読書とピアノを弾くことは、何か共通点があるのか?
と聞かれたら、
「それは、作者との対話です」
と、答えるでしょう。
絵を見ることも、おそらく演劇などを見ることも、「対話」であり「体験」なのだと思います。
不器用でも、「なにか」がある演奏。
それは、曲から何かしらを感じ取り、音として表現されているということだと思います。
もう少し進めば、曲の構成、転調や和声の移り変わり、リズム、伴奏形の動きや変化、メロディーの動きや装飾される音たち・・・
そういったあらゆることから、作者との対話が始まります。
本当に細やかな、繊細な世界です。
作曲や楽理、歴史観や作曲者の人生観、その時置かれていた状況など、多くのことを学ぶほどに、作曲者との対話は深まります。
では、読書は・・・?
よく、同じ作品も、読む時期や年齢によって、様々な受け止め方の段階があると言われますよね。
前に読んだ時と、少し違う感想を持った。
など。。
やはり、自分が体験し、考え感じていたことが、「読む」・・と言う行為に、力を与えているのではないでしょうか?
本を読みながら、
「うん!そうそう!」
「へ~そうなの?」
「なんでかなぁ~」
「それはないでしょ~」
「なーるほど!」
皆さんも、いろいろ思いますよね。
これって対話の始まりですよね。
「私も同感!」
「いやいや、そうは思わないわ」
から、自分の考え方や感じ方が、はっきりして来たりして、振り返ったり、確認作業が出来たり、
「そういう考え方もあるんだ!」
と、感動したり。。
絵本、童話、児童文学、小説、、
こういったジャンルは、圧倒的に「体験」が主でしょう。
村上春樹の本をお借りして読むと、そこにはシュルレアリズムのような絵画的な世界観の中で、少し戸惑いつつも冷静に感じ思考して、あちらの世界とこちらの世界をすり合わせながら、その中で触れたり感じたりしつつ、調和のような折り合いをつけて、現実世界をよりよく生きる・・・そんな世界観かなぁ・・・と感じていますが、村上ファンの方、そんなとらえ方ではダメでしょうかね~
ついこの間・・・そう、ひと月ぐらい前に知ったのですが、「小説」というのは「小人(しょうじん)の説」という意味らしいですね。
最近ハマっている、小林秀雄が言っていました。
もう、敬称を付ける以上の存在なので、何かの固有名詞化しています~
文学について語っていたのですが、ロマン派以降は「駄作」が増えた・・と・・・
「告白」が始まった。
自分の人生はこうで・・・とか・・云々・・
こういうことは、フランスの思想家、ジャン・ジャック・ルソーから始まったのだそうです。

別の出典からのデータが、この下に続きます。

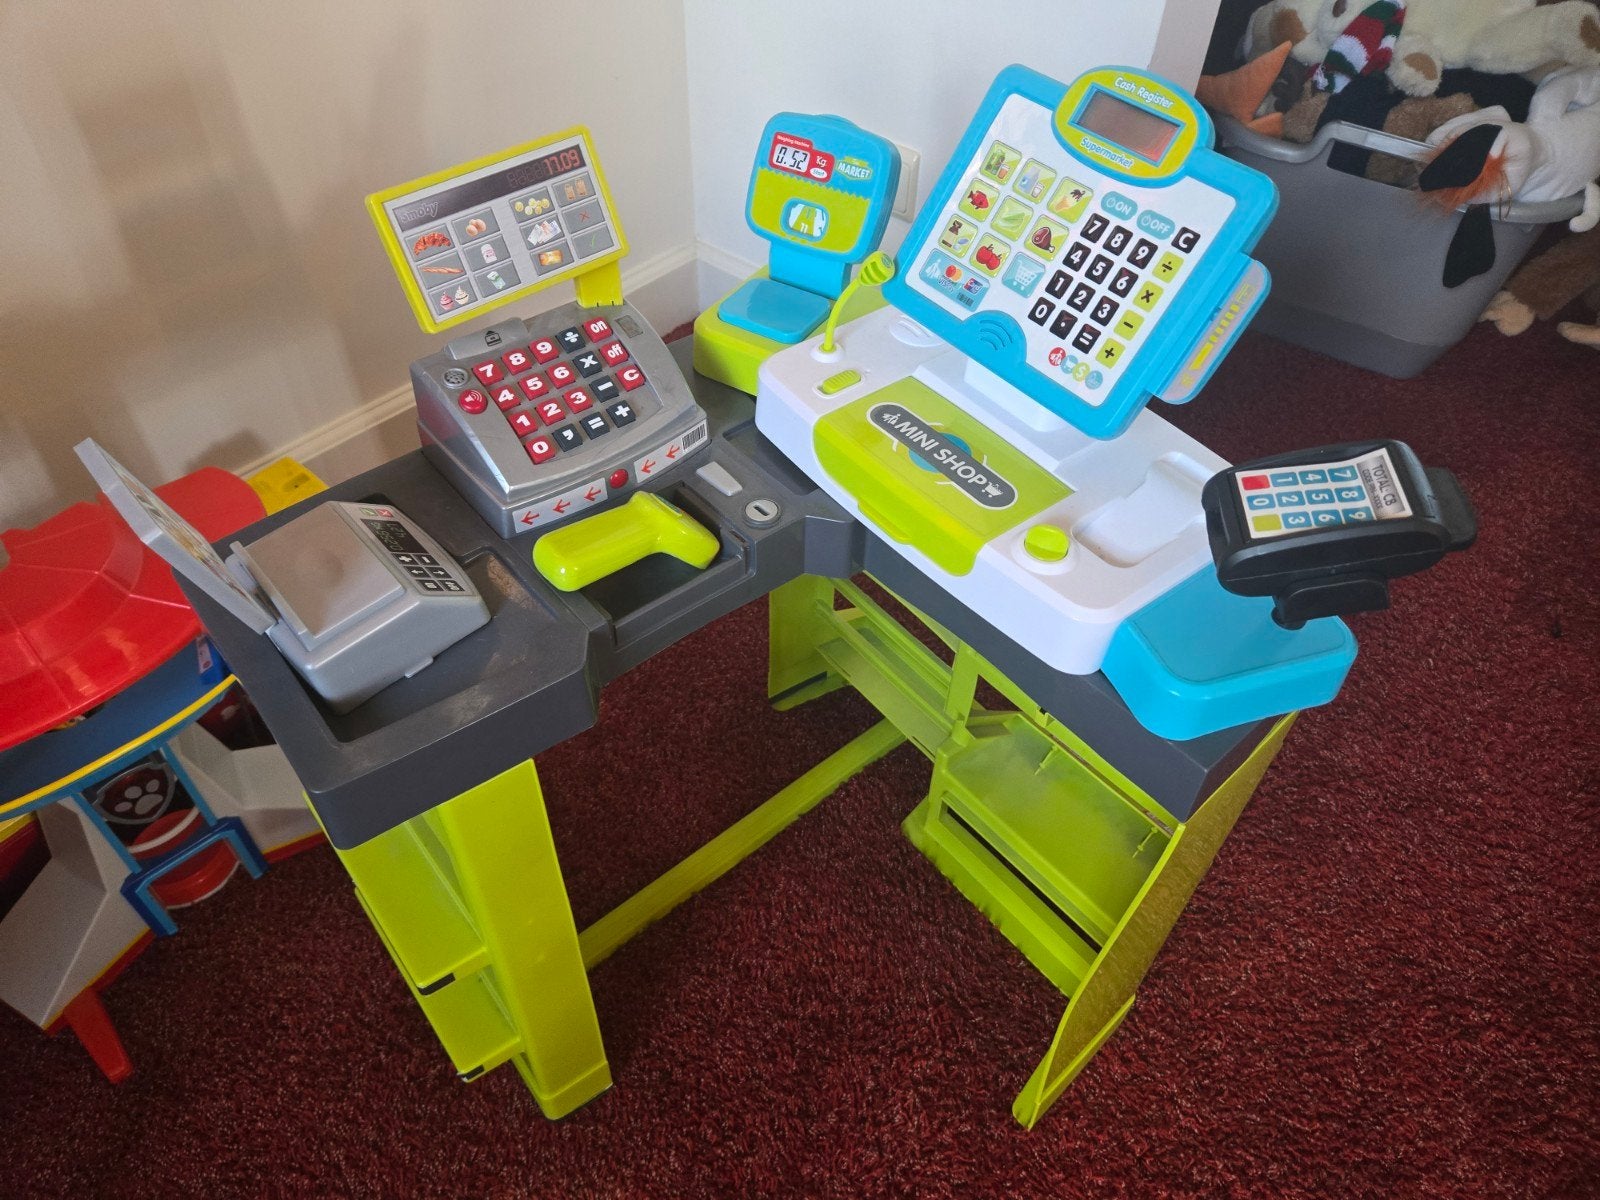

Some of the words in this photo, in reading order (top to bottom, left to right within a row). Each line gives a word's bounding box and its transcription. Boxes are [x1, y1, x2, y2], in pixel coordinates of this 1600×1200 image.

[1114, 77, 1136, 93] Cash
[1137, 87, 1174, 108] Register
[776, 147, 807, 169] 0.52
[1080, 137, 1133, 169] Supermarket
[544, 149, 581, 175] 17.09
[816, 156, 827, 167] Kg
[838, 162, 871, 178] MARKET
[400, 200, 439, 224] smoby
[1114, 201, 1132, 215] ON
[1087, 220, 1102, 234] 7
[1151, 218, 1171, 234] OFF
[1110, 233, 1124, 248] 8
[1178, 233, 1194, 248] C
[1070, 250, 1083, 264] 4
[1136, 245, 1149, 261] 9
[1092, 262, 1106, 276] 5
[1056, 277, 1065, 291] 1
[1116, 276, 1127, 290] 6
[1073, 291, 1087, 305] 2
[1035, 304, 1048, 318] 0
[1097, 303, 1111, 319] 3
[590, 320, 607, 333] on
[536, 341, 552, 354] 9
[607, 343, 624, 359] off
[509, 353, 526, 366] 8
[478, 363, 495, 378] 7
[553, 366, 570, 379] 6
[623, 369, 640, 382] C
[526, 377, 543, 391] 5
[498, 389, 515, 402] 4
[570, 391, 587, 404] 3
[544, 403, 562, 416] 2
[516, 415, 531, 426] 1
[531, 441, 549, 453] 0
[894, 421, 939, 451] MINI
[933, 448, 988, 487] SHOP
[1305, 473, 1322, 482] 4
[1334, 470, 1352, 478] 7
[1252, 497, 1270, 506] 0
[1281, 495, 1299, 504] 2
[1311, 493, 1329, 501] 5
[1341, 490, 1359, 499] 8
[1383, 493, 1397, 506] CB
[1288, 515, 1306, 525] 3
[1318, 513, 1336, 522] 6
[1348, 511, 1367, 520] 9

「エミール」「社会契約論」などで、中学生でも知っている有名な学者。
もーちろん、読んだことなどありません~
で、このblogでもご紹介したことはありますが、彼は音楽家でもあったんです。
子供の時に練習する、フランスの練習曲集「ピアノの練習ABC」の最後から何番目かに、
「3つの音による歌」
という右手はたった3音、左手はちょっと音が多くてしかも静かに弾かないといけないから、ちとムズカシイ・・・と言う曲やら、
「むすんでひらいて」(オペラの中の曲)
など、私たちにも意外におなじみの作品があったりするのですが。。
この方、壮年期には実に立派なことを書き、立派な仕事をした方なのですが、人生の最後の最後で、道徳的にはどうなんだ???

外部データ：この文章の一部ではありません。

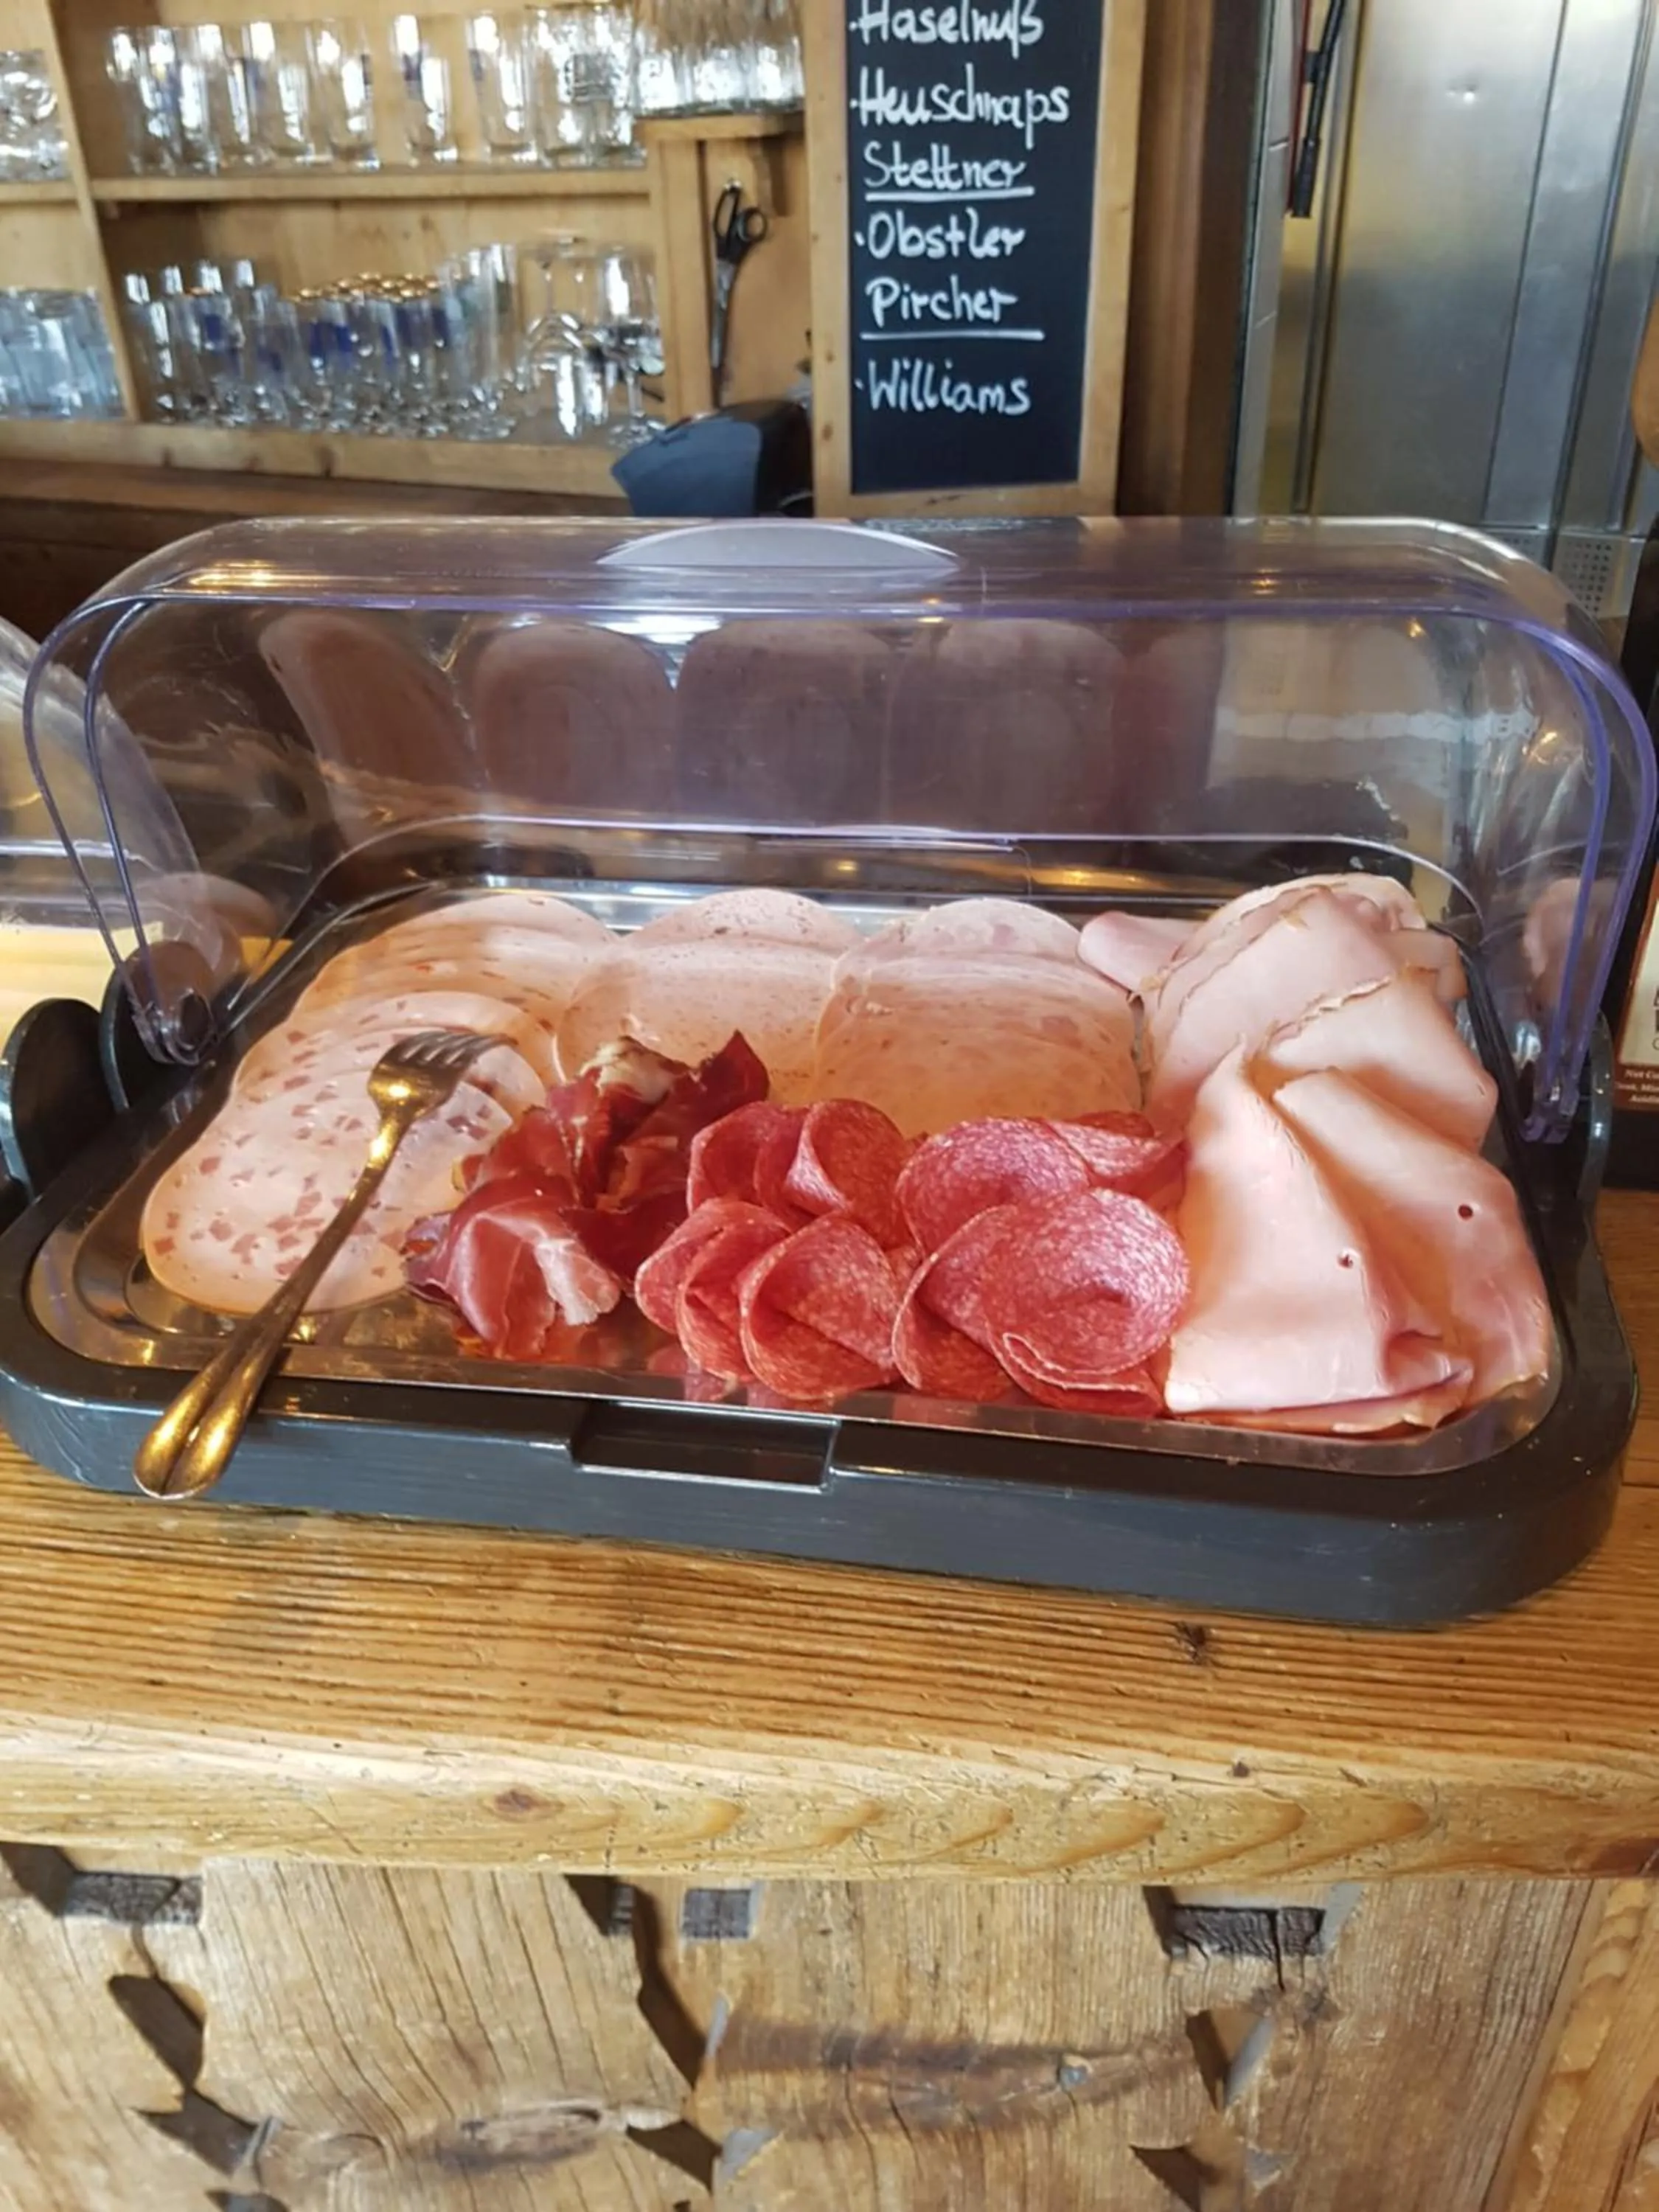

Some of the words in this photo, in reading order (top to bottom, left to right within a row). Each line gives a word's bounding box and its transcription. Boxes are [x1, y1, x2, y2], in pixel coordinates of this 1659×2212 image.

[864, 141, 1026, 190] Stettner
[869, 207, 1025, 259] Obstler
[866, 275, 1018, 327] Pircher
[869, 358, 1032, 415] Williams

というようなことをやらかしたり、書き綴ったりしているのです。
これが、「告白」
おそらく彼は、「人間って何なんだ」「よりよく生きるとは、立派なことを並べたてることなのか」「人が生きるとはもっと生々しく壮絶なものなのではないか」
いろいろ自問自答するところがあったのではないかと思います。
ピーカンの晴ればかりの人生なんてあり得ない。
とよく言いますが、そんな絵にかいたような、ご立派な人生なんてあり得ないし、人というものはそんなものじゃないと言いたかったのかも知れませんね。
そして、「告白」が始まると、言い訳したり、自分が自分が・・・という「客観性」を欠いた作品も増えるわけで、それを小林秀雄は「駄作」と言っているのです。
なぜ「客観性」が必要なのか?
それは、読者が自分の心の「鏡」として、自分の体験を映せないから。
全く個人的なことでも、そこに「客観性」があることで、「私も同じ感覚を持っている」と、読者が感じたり思ったりできるのです。
これは「演奏」もしかり。
あまりにも、私が私が、、という演奏、、つまり、ナルシスト、、のようなものに出くわすと、ウンザリしてしまう。

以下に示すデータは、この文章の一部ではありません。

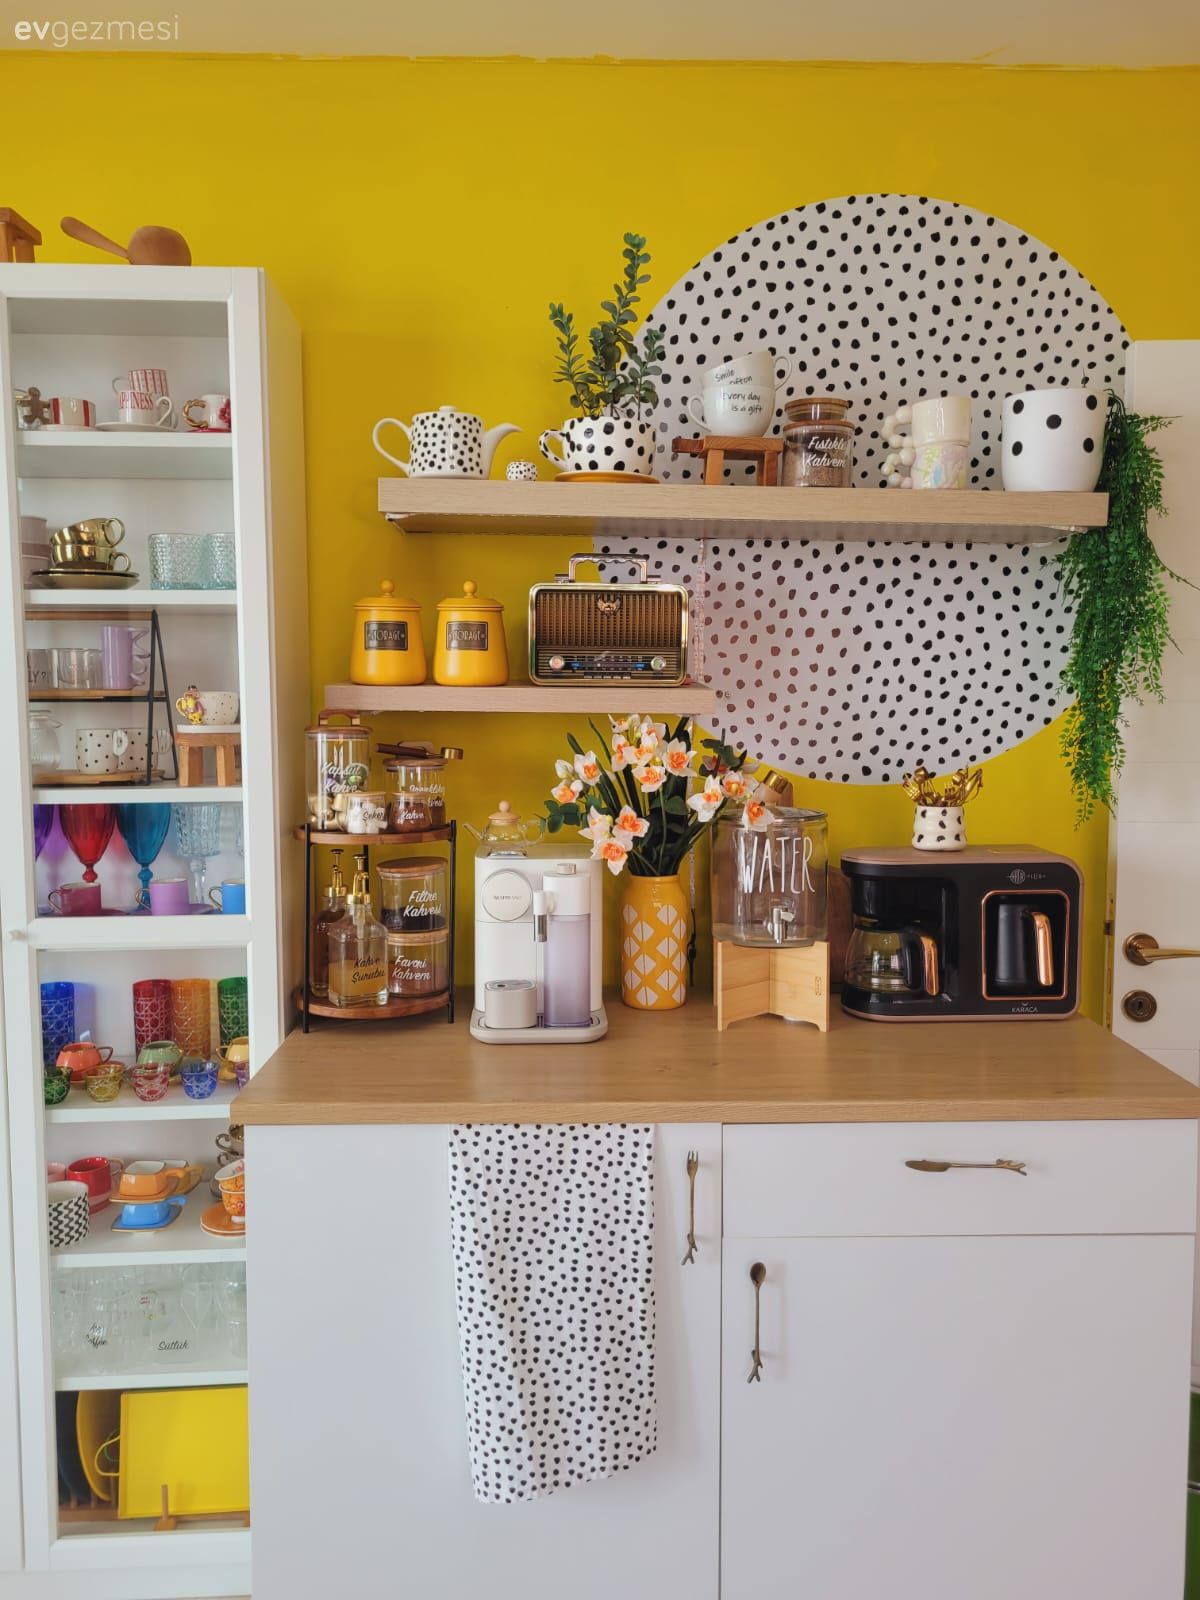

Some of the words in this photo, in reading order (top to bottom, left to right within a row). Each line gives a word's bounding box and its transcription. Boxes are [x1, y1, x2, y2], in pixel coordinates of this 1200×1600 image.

[715, 369, 735, 382] Smile
[119, 391, 154, 410] PPINESS
[722, 392, 745, 401] Every
[747, 391, 761, 403] day
[747, 403, 762, 415] gift
[805, 452, 846, 468] Kahvem
[324, 780, 358, 793] Kahve
[399, 809, 424, 821] Kahve
[740, 835, 816, 894] WATER
[408, 888, 438, 903] Filtre
[403, 903, 442, 917] Kahvesi
[394, 954, 427, 969] Favori
[391, 966, 431, 980] Kahvem

その「告白」は、言い訳だったり、自己中心的になり過ぎて、「鏡」にはなり得ないから。
「自己批判」の目を失うと、もはや「芸術作品」からは遠ざかり、お手軽で安っぽい「駄作」になってしまうのだと。。
では、小さい子たちの演奏はどうなのでしょう。
これはもう、「味わう」「感じる」世界だと言えるでしょう。
ここに、どこかから仕入れた「わざとらしさ」「ものまね」は禁物です
その子が心から感じている世界観が表れているかどうか・・・これがポイントでしょう。
そこから、「感じる」・・にプラスして、「思考する」・・ことが、少しずつ深まってゆきます。
こうして、幼い時に始めたことが、10年(6~7年)もすれば、「客観性」を持ったものになり、1人称から3人称へと変換してゆく・・・それが理想だと思います。
ですから、「型」のようなものにはめて、「方法論」・・・つまりhow-toで、どうやったらいいですか?
・・・の姿勢を続けていても、絶対に音楽的自立は無いし、それは他のあらゆることで言えているはずです。
なので、不器用でいいから、
「自分で感じ考える」
これに尽きると思います。
教師とは道案内人でしょう。
先に生まれた人・・・ですから。
「教えることは寄り添うこと」
本当に、河合先生のおっしゃることが沁みます。
ぁ・・・
で・・・読書とピアノを弾くこと・・・
ご理解いただけたでしょうか??
「対話」であり「体験」であること。
独りよがりなナルシストにならず、自己批判の目と耳を持ち、「客観性」を忘れないこと。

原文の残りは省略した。